20 December 2011

Degenerate Music, Dusseldorf 1938.

It stands to reason that some nations profited immensely from the unexpected arrival of brilliant musicians and artists who fled Nazi Germany and Austria from 1933 on.  I certainly knew all about the visual artists from Nazi-controlled countries. But what happened to the musicians who were still in Germany before the war and what happened to those who came to Australia?

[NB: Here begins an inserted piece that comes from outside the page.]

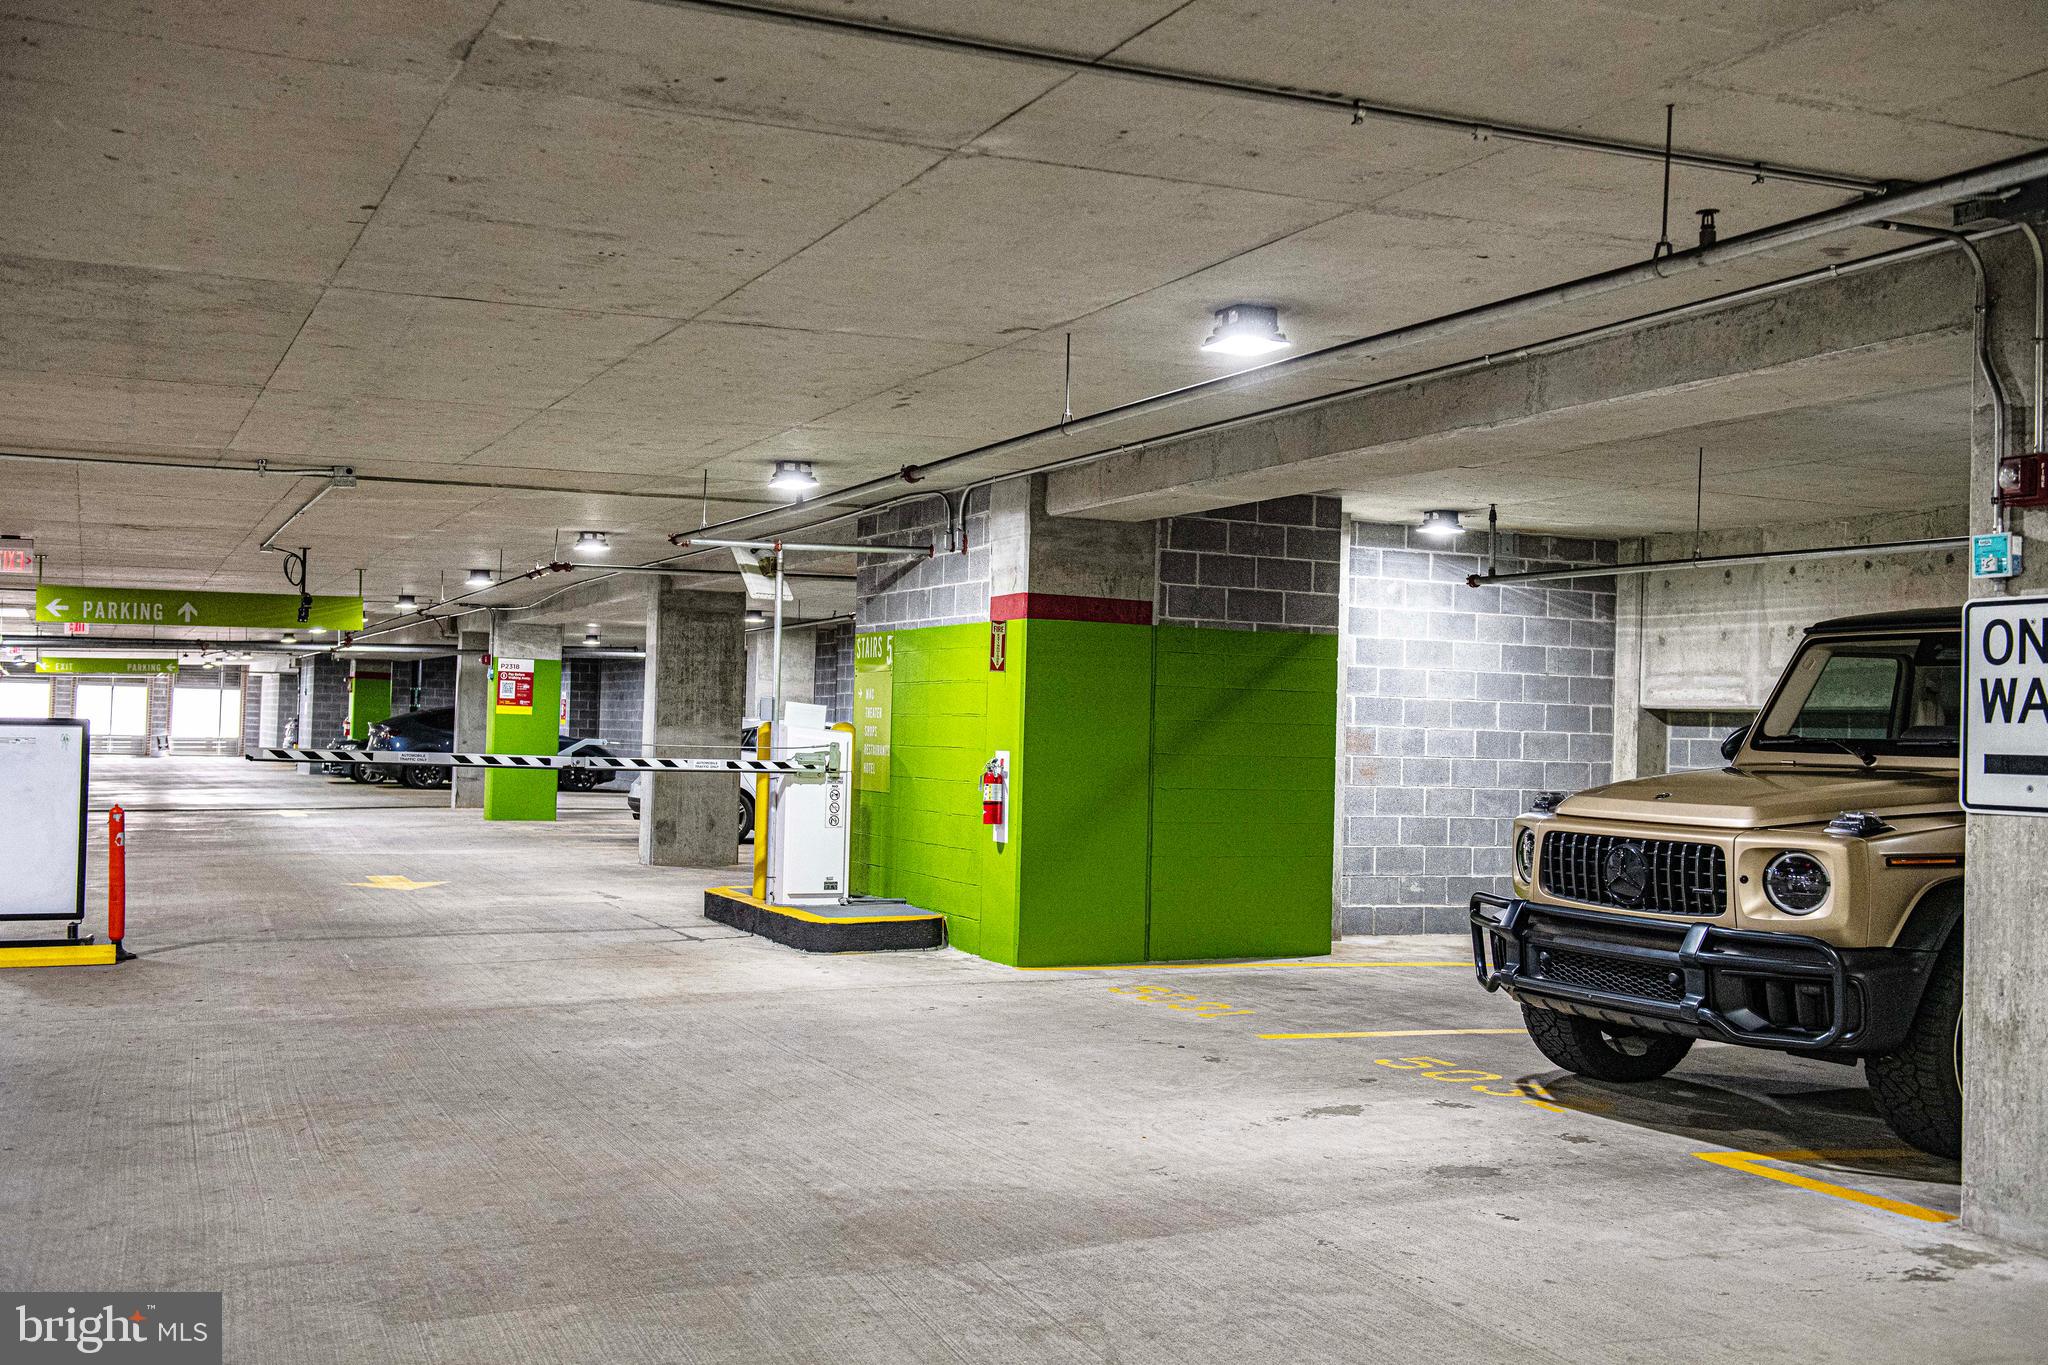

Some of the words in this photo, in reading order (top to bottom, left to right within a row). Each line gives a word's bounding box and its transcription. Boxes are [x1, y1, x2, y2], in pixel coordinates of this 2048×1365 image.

In 1938, senior Nazis wanted to open a Degenerate Music Exhibition in Dusseldorf, like the Degenerate Art Exhibition that opened in Munich in 1937.  As fuzzy as the concept of Degenerate Art was, at least it was visually detectable – anything Jewish, Bolshevik, abstract, negroid, abstract, cubist or anti-Teutonic. But what was Degenerate Music?

catalogue cover, Degenerate Music Exhibition, 1938

Because the Dusseldorf curator in 1938, Dr Hans Ziegler, was an expert on theatre and was not a musicologist, he had no idea what “degenerate music” meant. But he was a very loyal member of the Nazi Party and did his best. Ziegler decided that a simple chord structure was inherently Germanic and natural. And anything which departed from tonality was basically Jewish and therefore degenerate. Hitler believed that music had absolutely immense power and that with music, a human personality could be shaped. Thus Dr Ziegler also thought that music was powerful, and that they needed to mould their fellow citizens along approved cultural lines.

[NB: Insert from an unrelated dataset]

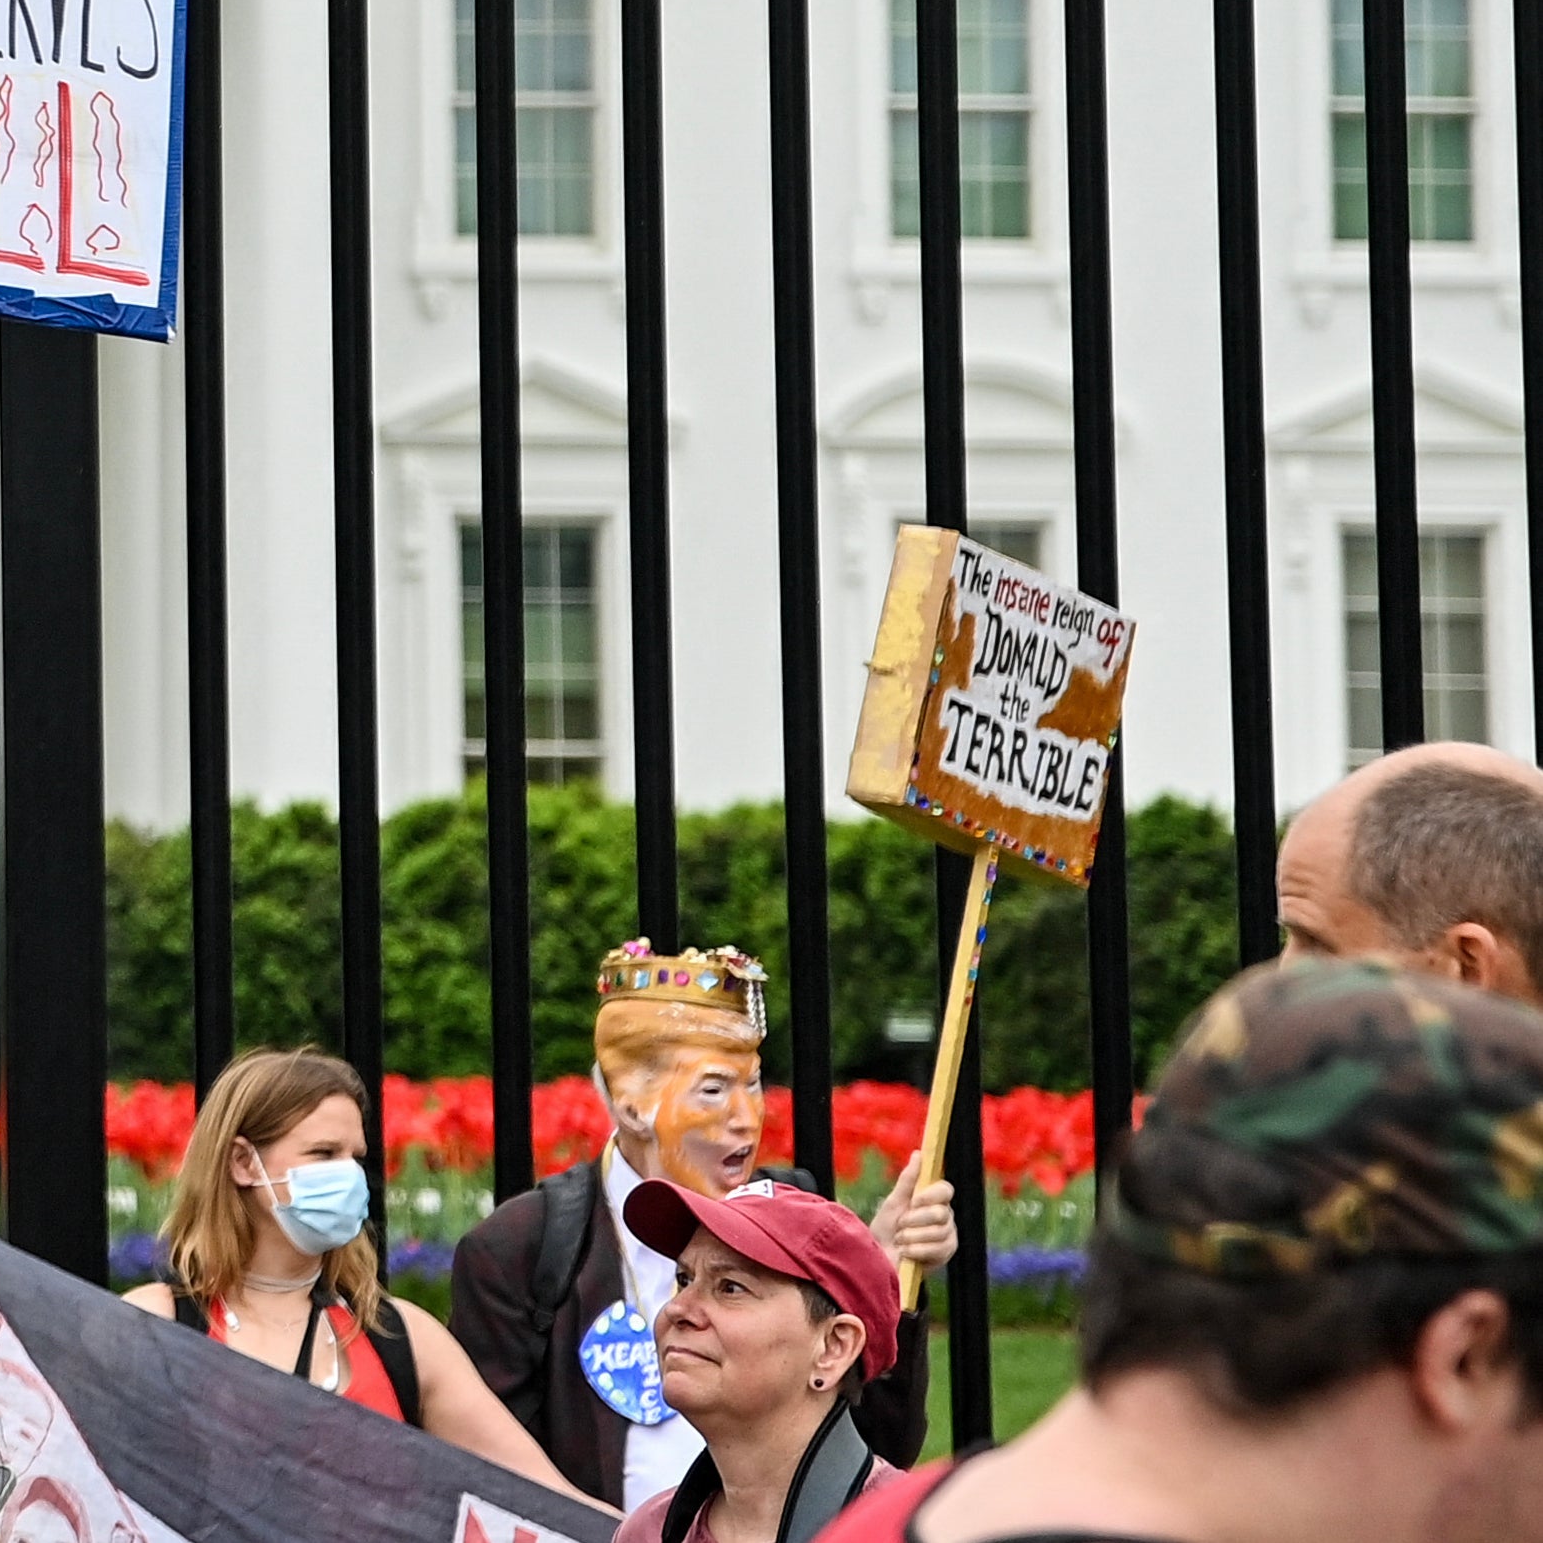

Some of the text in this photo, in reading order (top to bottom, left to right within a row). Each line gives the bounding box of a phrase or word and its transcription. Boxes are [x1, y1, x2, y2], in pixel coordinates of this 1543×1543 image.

[960, 550, 1125, 668] The insane reign of
[973, 606, 1067, 701] DONALD
[1000, 681, 1030, 721] the
[946, 698, 1100, 811] TERRIBLE

The 1938 Degenerate Music Exhibition included works by Jewish composers or those with Jewish parents or grand parents (eg Felix Mendelssohn, Arnold Schoenberg, Kurt Weill, Gustav Mahler), by socialists, modernists and jazz musicians. Why a right winger like Igor Stravinsky was included as a degenerate eludes me, but he was just as reviled as the Jewish and Jazz musicians were.

For this event, a small catalogue was published that included the opening-speech by Ziegler and Goebbels, quotations of Hitler's words, photographs, caricatures and paintings as they appeared in the exhibition.

Dr Ziegler must have done his job well. After Dusseldorf, the Degenerate Music Exhibition travelled to Weimar, Munich and Vienna, where the displays continued to be very popular.

Visitors to the Degenerate Music Exhibition, 1938. Anne Frank Museum photo.

No musician was safe from scrutiny or Nazi re-branding. In his recently published book Mozart and the Nazis: How the Third Reich Abused a Cultural Icon, Erik Levi explored the way in which the Nazi regime manipulated Mozart's music for political gain. Puccini and Verdi seemed to have been subject to a similar appropriation.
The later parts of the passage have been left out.